> Assignment
What is needed is an exact copy of the entries, with the pictures excluded.

((

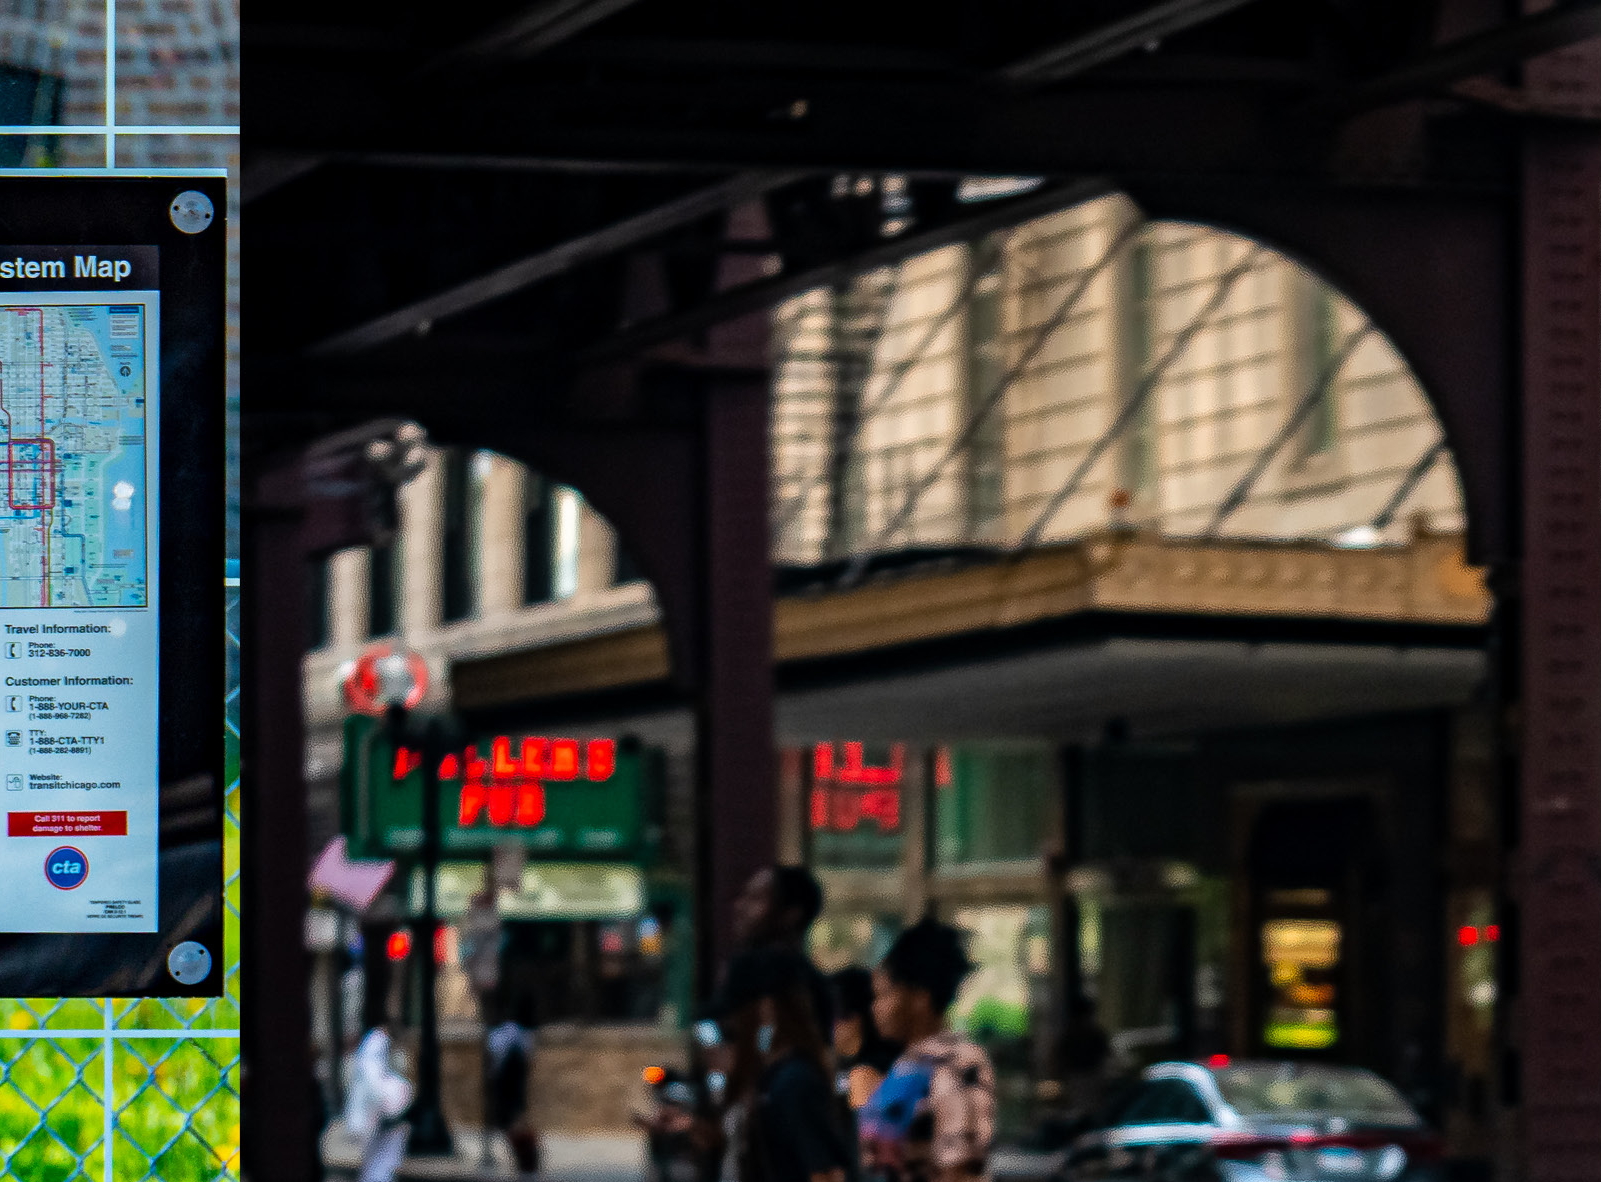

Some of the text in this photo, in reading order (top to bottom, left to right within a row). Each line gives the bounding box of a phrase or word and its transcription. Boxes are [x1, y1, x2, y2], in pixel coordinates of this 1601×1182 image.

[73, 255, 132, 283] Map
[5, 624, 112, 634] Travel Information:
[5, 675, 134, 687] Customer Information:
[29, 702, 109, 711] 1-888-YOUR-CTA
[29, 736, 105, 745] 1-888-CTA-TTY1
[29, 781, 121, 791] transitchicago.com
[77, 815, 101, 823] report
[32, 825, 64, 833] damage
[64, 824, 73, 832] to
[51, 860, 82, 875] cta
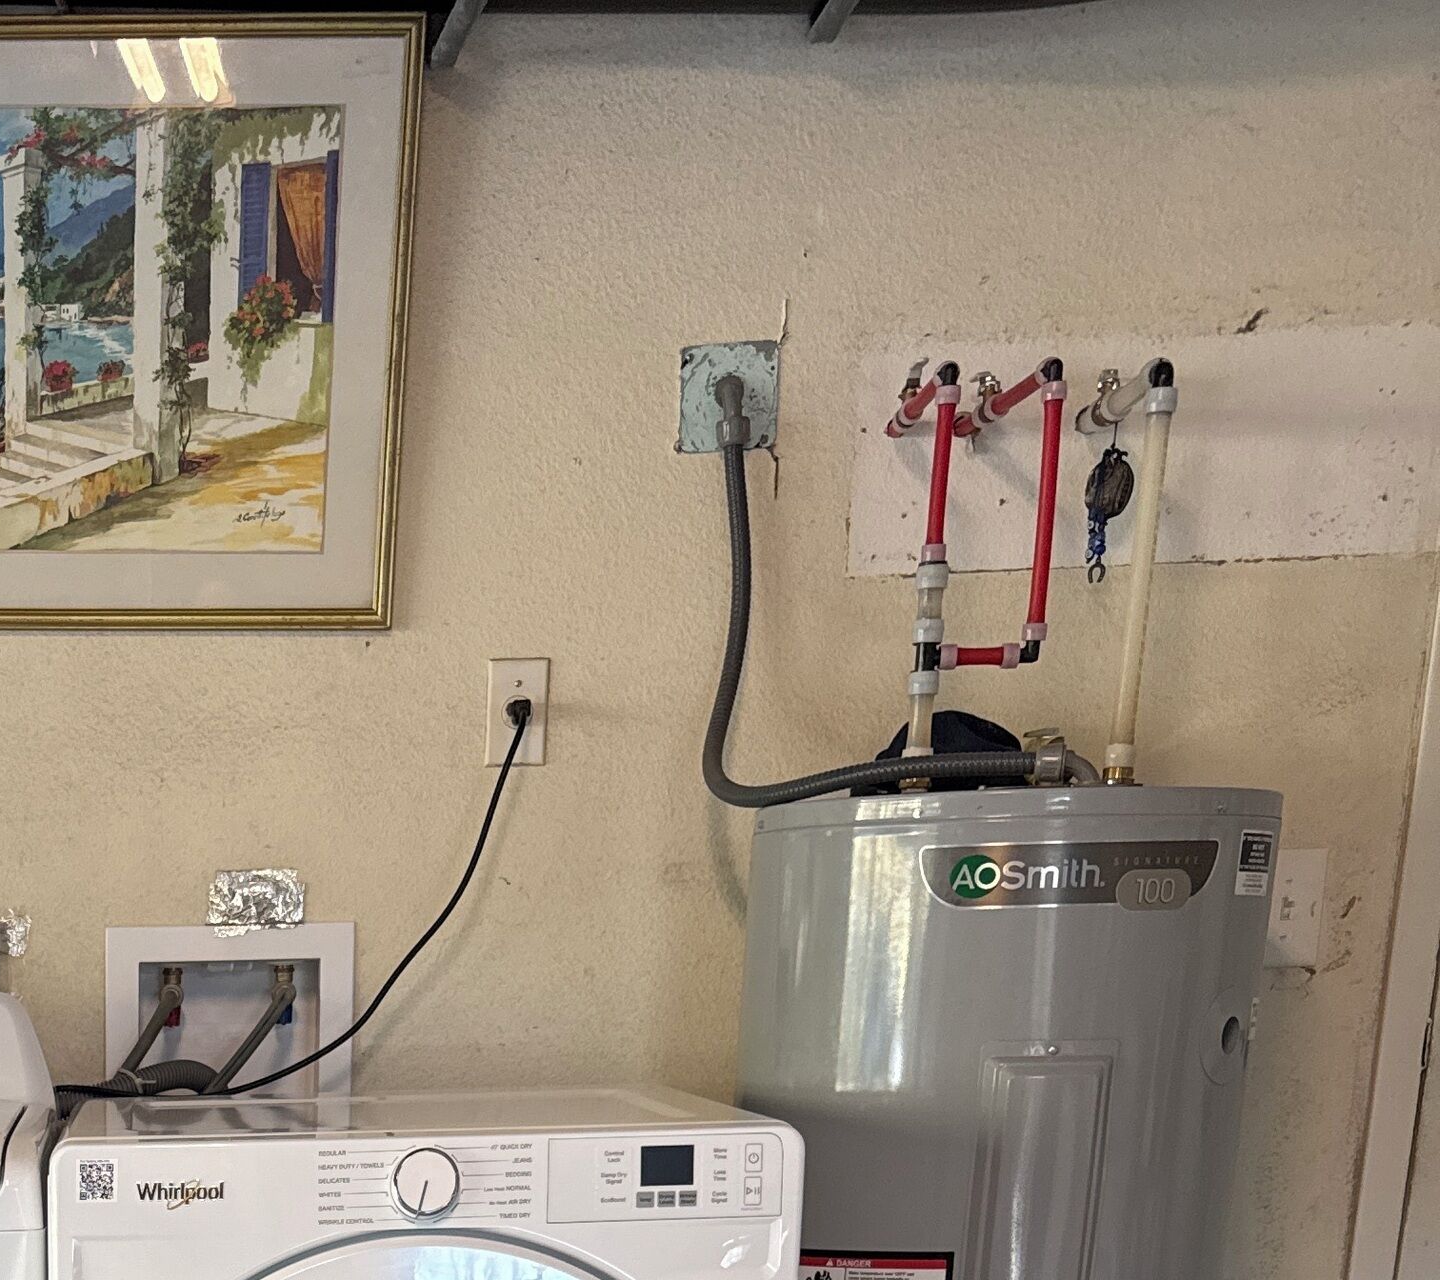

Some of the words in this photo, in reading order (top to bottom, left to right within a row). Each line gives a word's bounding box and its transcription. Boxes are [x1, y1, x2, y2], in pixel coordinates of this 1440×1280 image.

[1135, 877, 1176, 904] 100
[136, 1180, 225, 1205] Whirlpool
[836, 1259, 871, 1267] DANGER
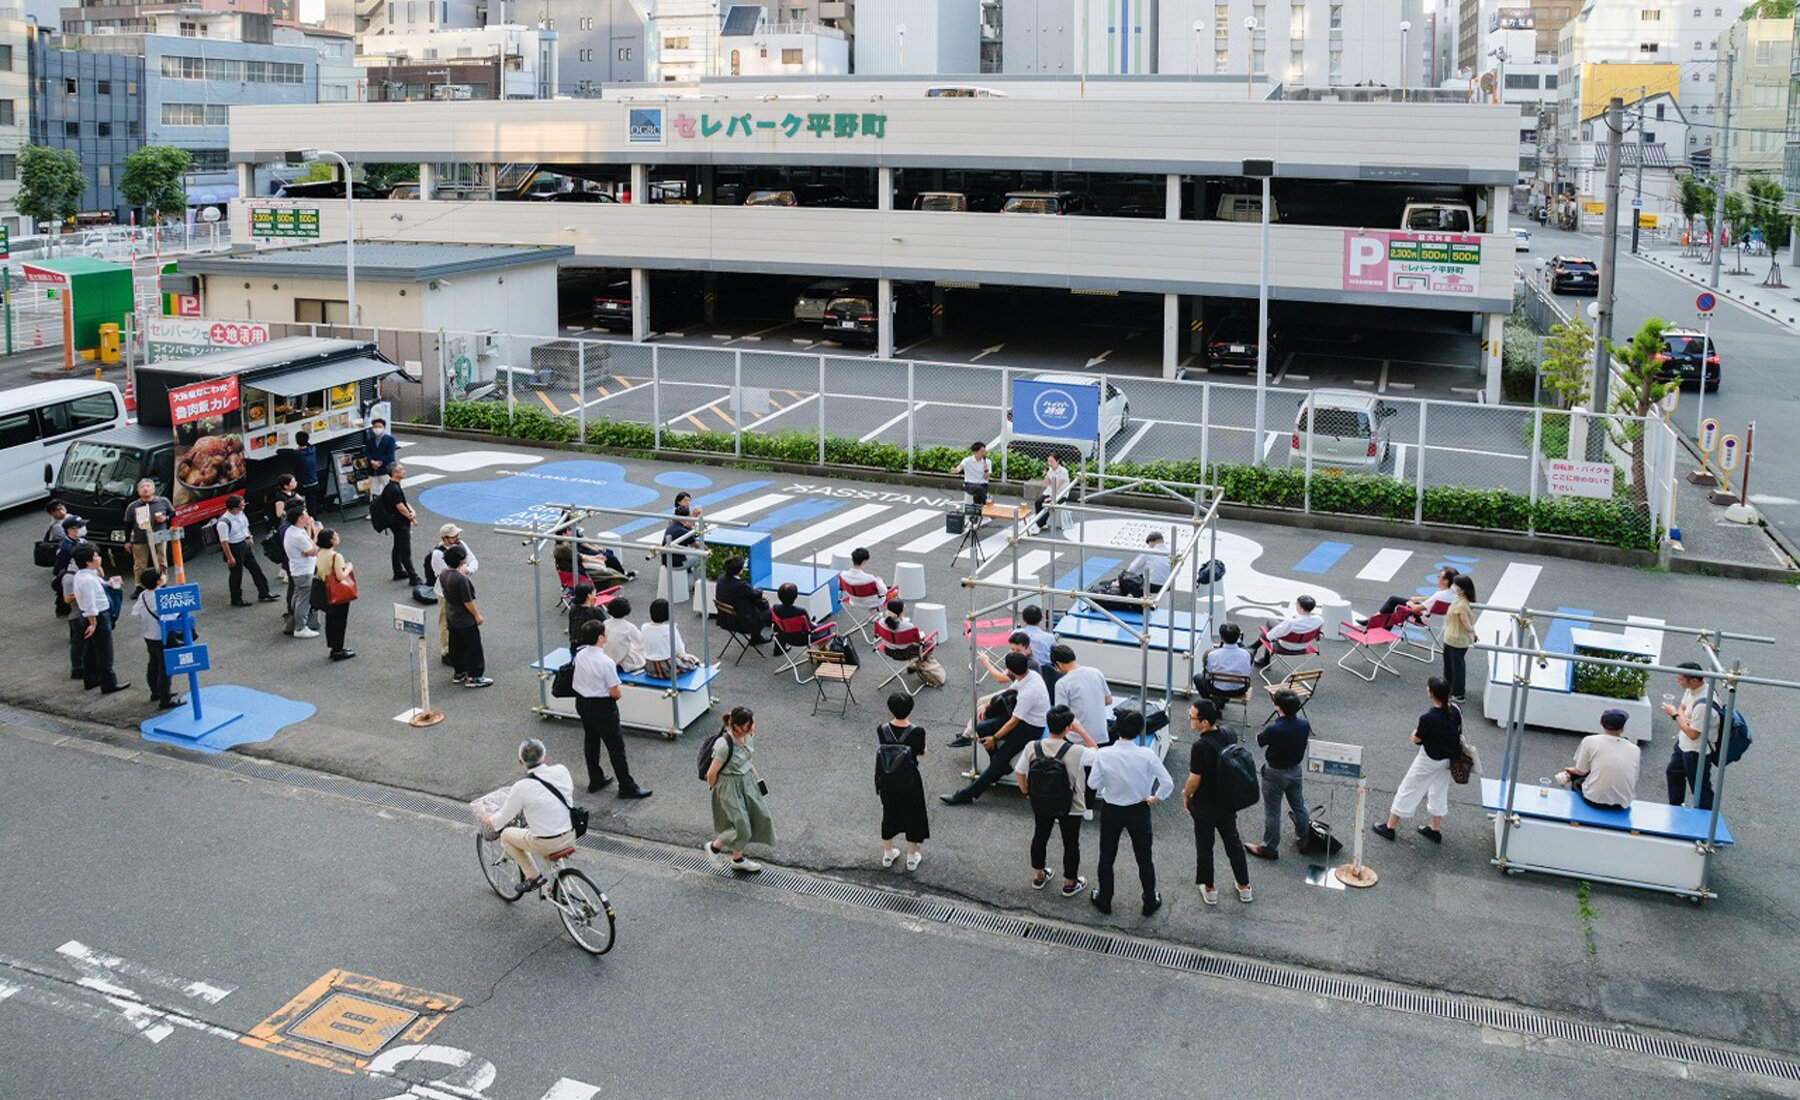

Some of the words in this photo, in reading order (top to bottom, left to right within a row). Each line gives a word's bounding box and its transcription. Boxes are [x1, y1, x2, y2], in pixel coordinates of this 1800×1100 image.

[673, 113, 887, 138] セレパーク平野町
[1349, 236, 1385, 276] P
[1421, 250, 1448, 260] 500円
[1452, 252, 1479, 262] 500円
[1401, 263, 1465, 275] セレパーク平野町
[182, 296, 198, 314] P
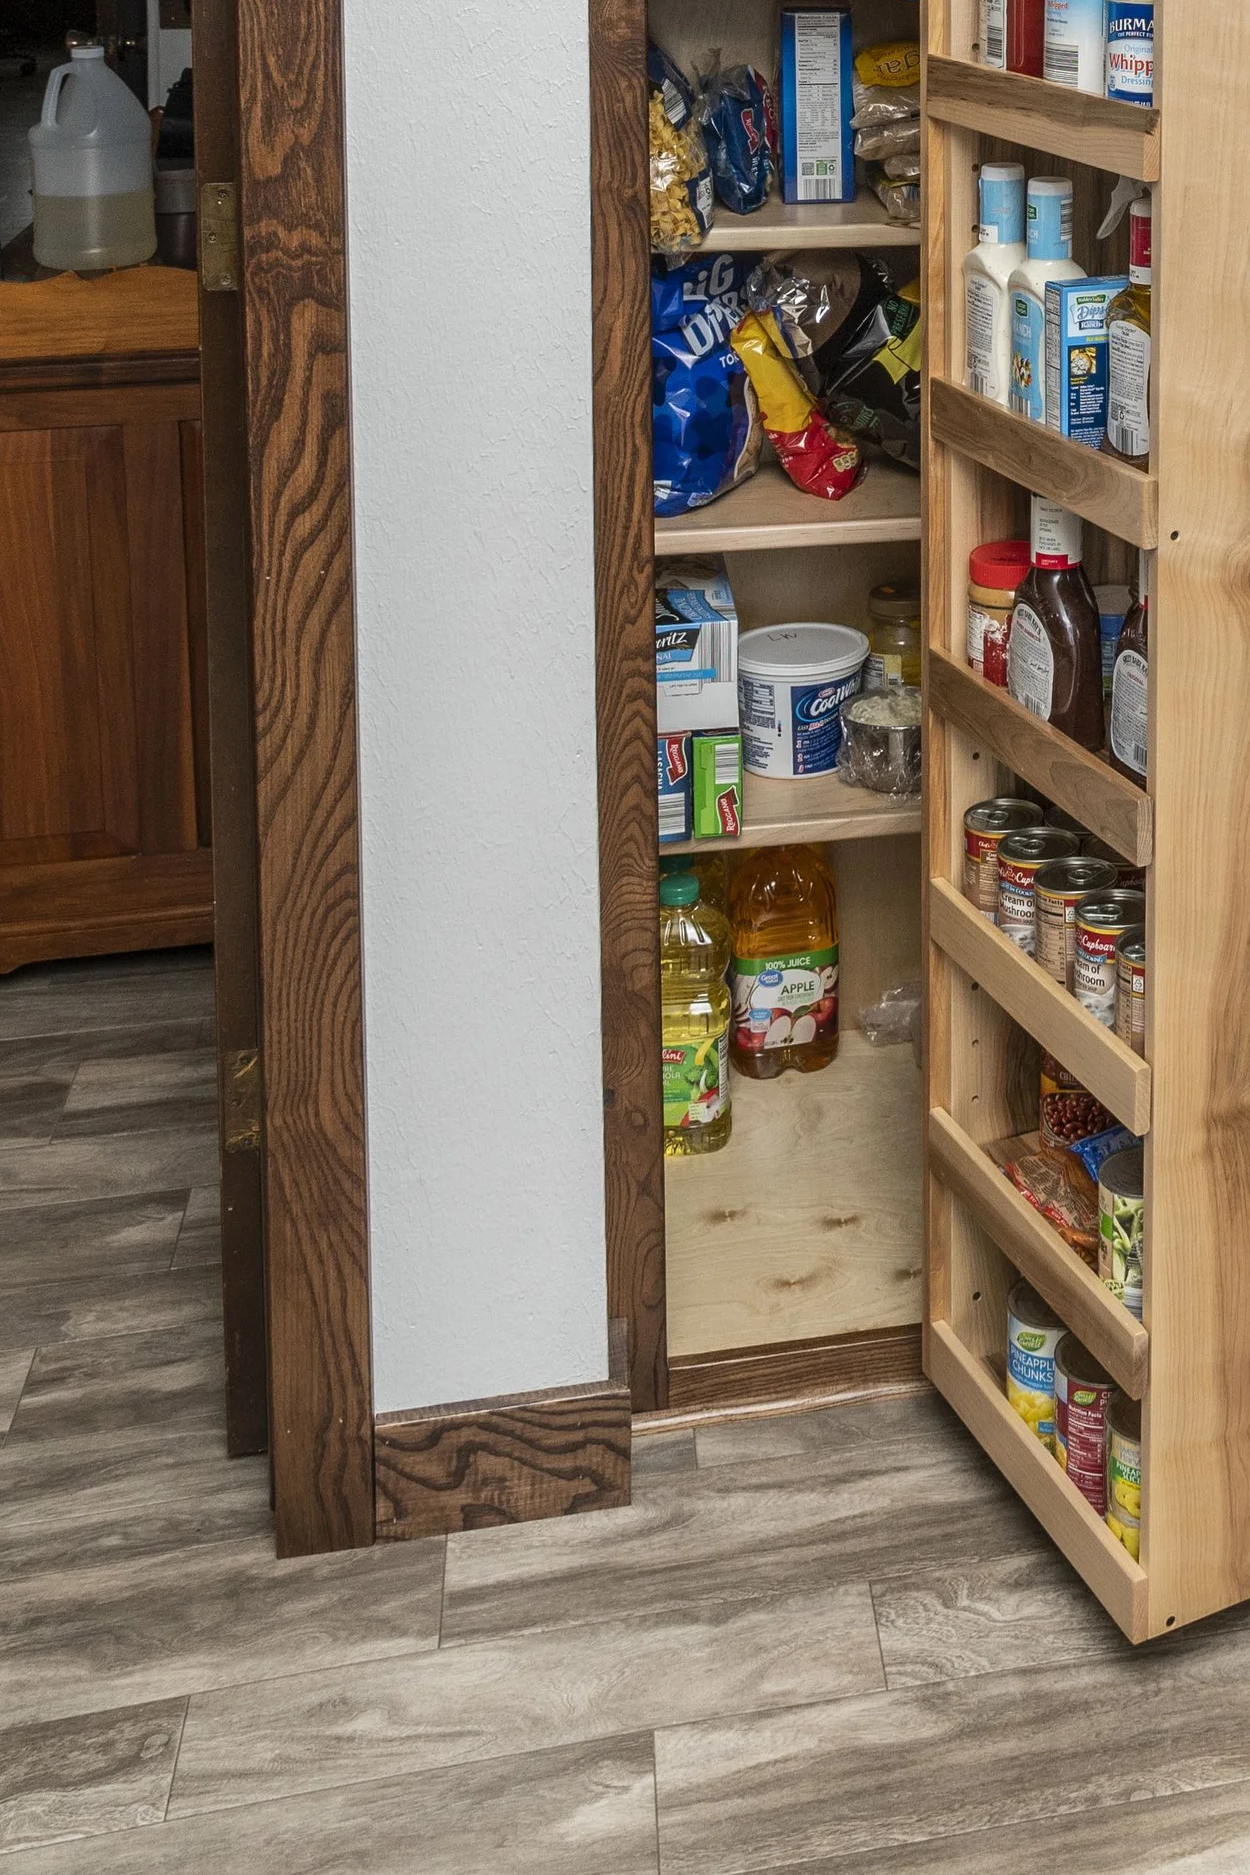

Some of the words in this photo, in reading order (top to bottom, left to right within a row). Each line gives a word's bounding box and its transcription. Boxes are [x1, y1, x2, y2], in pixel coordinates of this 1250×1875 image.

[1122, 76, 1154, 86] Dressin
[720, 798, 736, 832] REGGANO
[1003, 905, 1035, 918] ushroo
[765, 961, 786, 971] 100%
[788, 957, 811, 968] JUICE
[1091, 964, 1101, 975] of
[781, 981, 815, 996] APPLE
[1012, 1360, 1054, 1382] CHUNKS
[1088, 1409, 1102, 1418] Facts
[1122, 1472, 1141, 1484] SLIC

))

> Solution
Some of the text in this photo, in reading order (top to bottom, left to right within a row). Each line gives the bounding box of a phrase or word and its transcription. Boxes are [x1, y1, x2, y2], in pixel coordinates of this 1601×1182 image.

[73, 255, 132, 283] Map
[5, 624, 112, 634] Travel Information:
[5, 675, 134, 687] Customer Information:
[29, 702, 109, 711] 1-888-YOUR-CTA
[29, 736, 105, 745] 1-888-CTA-TTY1
[29, 781, 121, 791] transitchicago.com
[77, 815, 101, 823] report
[32, 825, 64, 833] damage
[64, 824, 73, 832] to
[51, 860, 82, 875] cta

Some of the words in this photo, in reading order (top to bottom, left to right within a row). Each line gives a word's bounding box and its transcription. Boxes are [x1, y1, x2, y2], in pixel coordinates of this 1440×1280 image.

[1135, 877, 1176, 904] 100
[136, 1180, 225, 1205] Whirlpool
[836, 1259, 871, 1267] DANGER

Some of the words in this photo, in reading order (top to bottom, left to right within a row). Each line gives a word's bounding box and its transcription. Boxes are [x1, y1, x2, y2], in pixel coordinates of this 1800×1100 image.

[673, 113, 887, 138] セレパーク平野町
[1349, 236, 1385, 276] P
[1421, 250, 1448, 260] 500円
[1452, 252, 1479, 262] 500円
[1401, 263, 1465, 275] セレパーク平野町
[182, 296, 198, 314] P

Some of the words in this photo, in reading order (top to bottom, left to right within a row). Each line gives a word's bounding box and its transcription. Boxes are [x1, y1, x2, y2], in pixel coordinates of this 1250×1875 image.

[1122, 76, 1154, 86] Dressin
[720, 798, 736, 832] REGGANO
[1003, 905, 1035, 918] ushroo
[765, 961, 786, 971] 100%
[788, 957, 811, 968] JUICE
[1091, 964, 1101, 975] of
[781, 981, 815, 996] APPLE
[1012, 1360, 1054, 1382] CHUNKS
[1088, 1409, 1102, 1418] Facts
[1122, 1472, 1141, 1484] SLIC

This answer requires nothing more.